Dynamic Circulating T Cell Activation States in Extremely Premature Infants

Abstract Text: Extremely premature infants (EPI) are susceptible to infections and inflammatory diseases. To define peripheral T cell ontogeny in EPI serial blood samples obtained in the first 2 months of life were compared to cord blood from term and preterm infants and healthy adults. We analyzed phosphoprotein expression (CyTOF) and transcriptome(scRNAseq). Differences in T cell abundance, phosphoprotein expression, transcriptome, and clonality were noted. Naïve CD4 and regulatory T cells peaked at 1 month, while naïve CD8 T cells continuously increased. Central memory (CM) CD4 T cells were detected in cord blood and decreased from birth to 1 month.

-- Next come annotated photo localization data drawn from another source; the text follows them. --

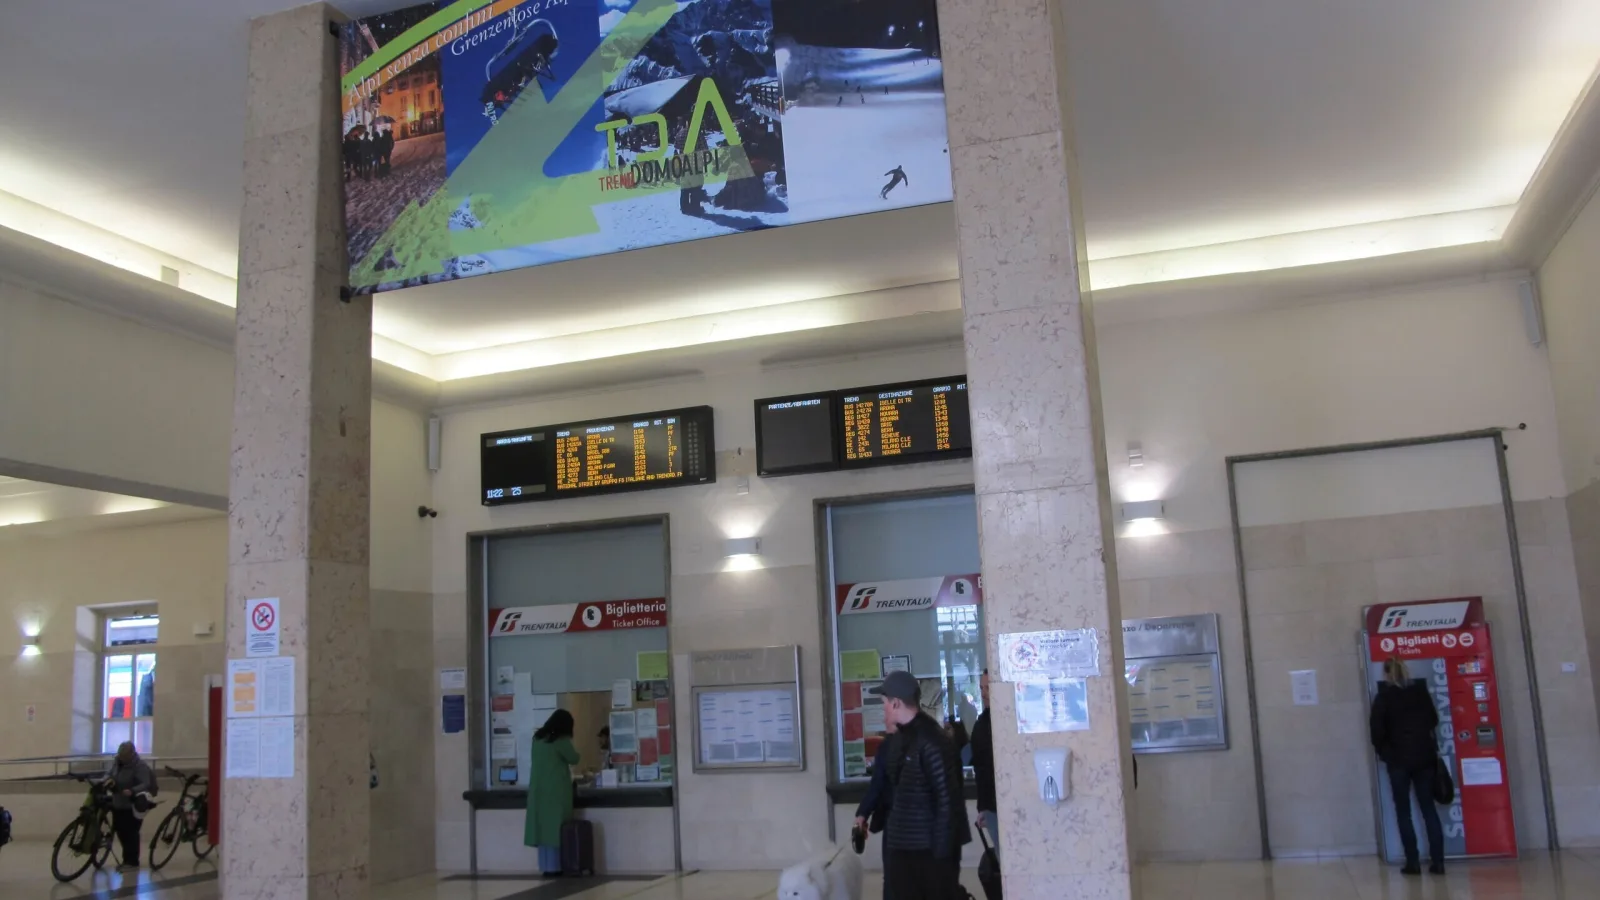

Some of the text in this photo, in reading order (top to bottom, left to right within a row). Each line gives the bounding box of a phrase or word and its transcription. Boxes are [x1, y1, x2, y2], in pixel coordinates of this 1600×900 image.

[451, 2, 541, 56] Grenzenlose
[349, 0, 494, 101] Alpi senza confini
[631, 148, 719, 187] DOMOALPI
[878, 390, 913, 399] DESTINAZIONE
[606, 601, 666, 617] Biglietteria
[876, 598, 932, 609] TRENITALIA
[520, 621, 567, 632] TRENITALIA
[612, 618, 660, 628] Ticket Office
[1406, 618, 1457, 628] TRENITALIA
[1397, 634, 1439, 647] Biglietti
[1432, 657, 1456, 756] Service

Meanwhile, effector memory (EM) CD4 and CD8 T cells were low at birth and increased by two months of age. scRNAseq demonstrated an expansion of cycling T cells at 1 and 2 months of age and clonal expansion in memory CD8 T cells. PI3K/mTOR pathway (pS6) was suppressed at 1 month and increased at 2 months of age in memory T cell populations. TCR activation (pZAP70) was high in naïve and CM CD4 and CD8 populations concomitant with high dendritic cell activation as measured by HLA-DR, pCREB, and pMAPK, suggesting ongoing antigen presentation and memory T cell generation. pSTAT5 levels increased at 1 and 2 months of age consistent with more cycling T cells. In EPI, there is a dynamic progression of T cell signaling, transcriptome and clonality demonstrating activation, proliferation, antigen presentation, and memory formation. Thus, even very preterm infants can mount antigen-specific adaptive immune responses early in life.